E se Mariana Mortágua fosse de centro-direita?

1. É a nova pop star da política nacional: formada em Economia, elaborando presentemente a sua tese de doutoramento em Economia do Desenvolvimento (em Londres, sendo, portanto, uma das jovens que emigrou para obter mais qualificações de que falou Pedro Passos Coelho – e que a própria Mortágua tanto criticou) e discípula dilecta de Francisco…

2. Até há bem pouco tempo, Mariana Mortágua era apenas uma deputada promissora do Bloco de Esquerda, cuja entrada no Parlamento tinha sido objecto de violentas críticas (embora discretas) de muitos militantes bloquistas, a maioria dos quais pertencentes a facções mais moderadas deste epifenómeno partidário. Era conhecida como a filha do resistente anti-salazarista, Camilo Mortágua. E pensava-se em Mariana Mortágua mais como docente e assistente de Francisco Louçã – do que na ribalta político-partidária nacional.

3. Tudo mudou, no entanto, com o protagonismo que Mariana Mortágua logrou alcançar na Comissão de Inquérito ao colapso do BES. Aqui a deputada bloquista revelou preparação técnica, competência política, talento, desassombro e arrojo na inquirição. Ficou célebre a sua pergunta a Zeinal Bava: seria compatível tamanho esquecimento e falta de diligência do ex-CEO da PT com os muitos galardões internacionais na área da Economia e das Finanças que recebera?

4. E, desde então, Mariana Mortágua perfilou-se como a única deputada de que os portugueses falam em termos não pejorativos – pelo contrário, em tom bastante elogioso. Num discurso político cristalizado e opaco como é o português, Mariana Mortágua rompeu – e os portugueses gostaram. Portugueses que sentem um enorme sentimento de revolta pelos responsáveis do forrobodó político e empresarial em que Portugal viveu durante muitos anos. Demasiados anos. Outros deputados tentaram imitar o percurso de Mariana Mortágua, embora sem êxito. Pense-se, por exemplo, em Duarte Marques, do PSD: aproveitando também a sua participação na Comissão de Inquérito ao colapso do BES, Duarte Marques multiplicou-se em entrevistas a vários órgãos de comunicação social, desde o “i” até ao “Diário de Notícias”, passando por destaque na “Visão” – mas não conseguiu sequer se aproximar de Mortágua.
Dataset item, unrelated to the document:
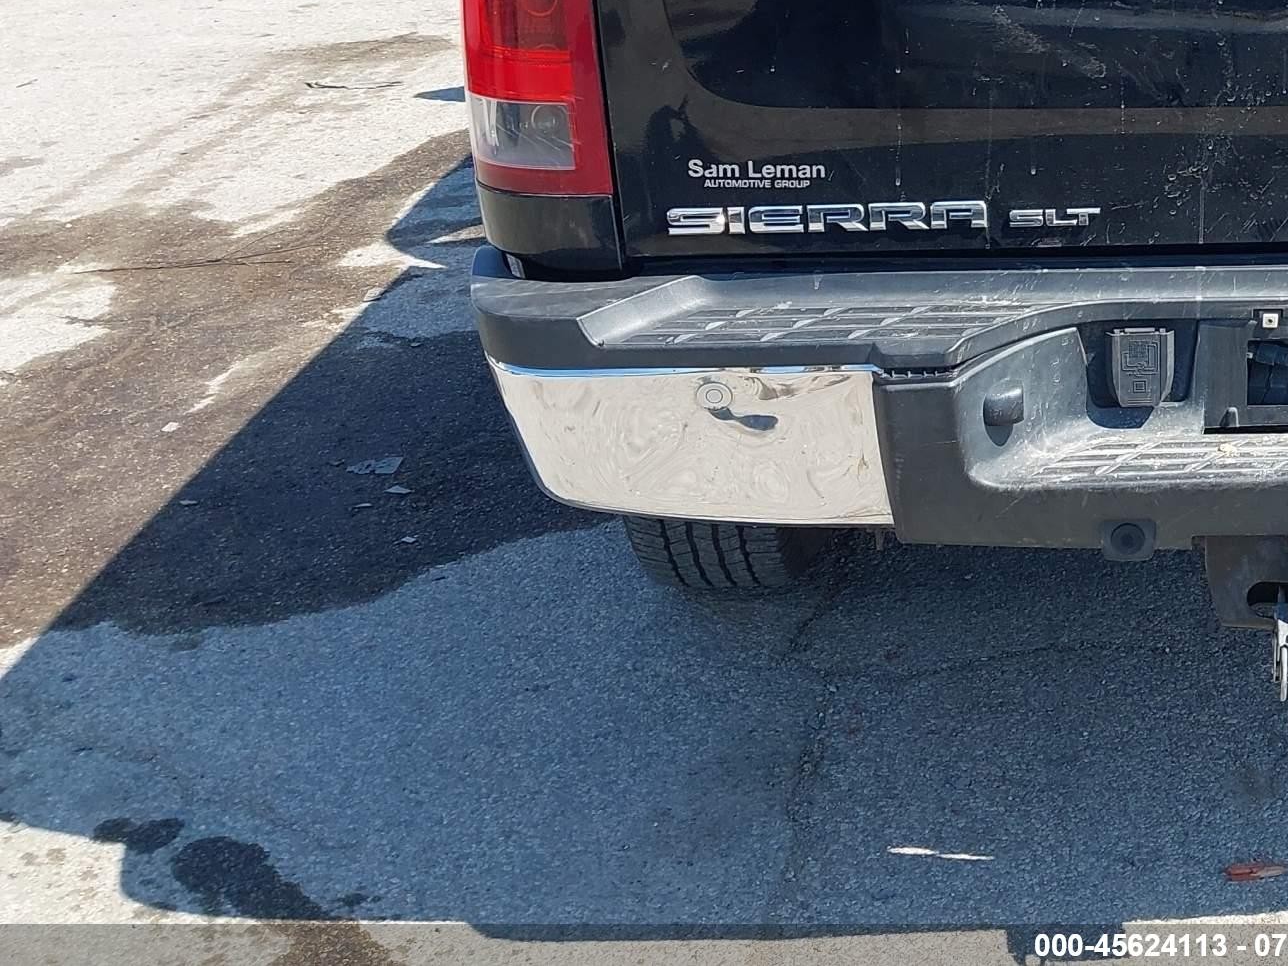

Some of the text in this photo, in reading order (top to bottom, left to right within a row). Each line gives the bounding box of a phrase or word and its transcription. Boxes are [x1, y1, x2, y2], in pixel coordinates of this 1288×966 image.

[688, 159, 826, 178] Sam Leman
[704, 179, 811, 188] AUTOMOTIVE GROUP
[667, 200, 1101, 235] SIERRA SLT
5. São percursos diferentes, feitios e personalidades completamente diferentes os de Duarte Marques e Mariana Mortágua. O primeiro é um operacional, um homem talhado para a organização, para a gestão de agenda e de comunicação de um Governo ou de um deputado ou de um grupo parlamentar; a segunda é uma revolucionária intelectualmente sofisticada, bem falante, desejosa de protagonismo na frente política, cheia de ambições de liderar o Bloco de Esquerda, embora as disfarce com a sua discrição.  

6. Posto isto, e reconhecendo muito mérito a Mariana Mortágua, não podemos deixar de formular uma questão: e se Mariana Mortágua fosse de centro-direita? Se fosse do PSD ou do CDS? Ah, nesse caso, tudo seria diferente. Mortágua não passaria de um boy – ou melhor, uma girl – criada nessa escola de defeitos e vícios que é a JSD ou a JP, sempre pronta a “dar graxa” aos líderes ou aos “padrinhos” da máquina partidária para chegar longe na vida.

7. Por muito preparado que um jovem político (deputado, secretário de Estado, assessor…) da área do centro-direita possa ser e muito competente que se revele no exercício das suas funções, será sempre encarado como alguém que teve um padrinho, que está ao serviço dos “porcos dos capitalistas” e dos altos interesses que “capturam o Estado”. Mesmo que nada tenha que ver com esses interesses, que se revolte contra esses interesses e que se tenha feito mais do que as promessas grandiloquentes do Bloco de Esquerda contra esses interesses.

8. Enfim, Mariana Mortágua só é o fenómeno que é, para além dos seus méritos pessoais, porque é do Bloco de Esquerda. Ser do Bloco confere-lhe uma gracinha peculiar. Já agora: o que pensa Mariana Mortágua do sarilho que o populista radical e seu camarada, Alexis Tsipras, está a criar na Europa – e que poderá colocar ainda em mais dificuldades os portugueses? Claro que Mortágua tem a resposta: a Grécia deve bater o pé, sair da zona euro e rejeitar a austeridade, provocando turbulências nos mercados e levando à derrocada de todos os outros países. Consequência: ficamos todos pobres. Afinal de contas, não é essa a igualdade pela qual Mariana Mortágua e seus amigos de esquerda lutam?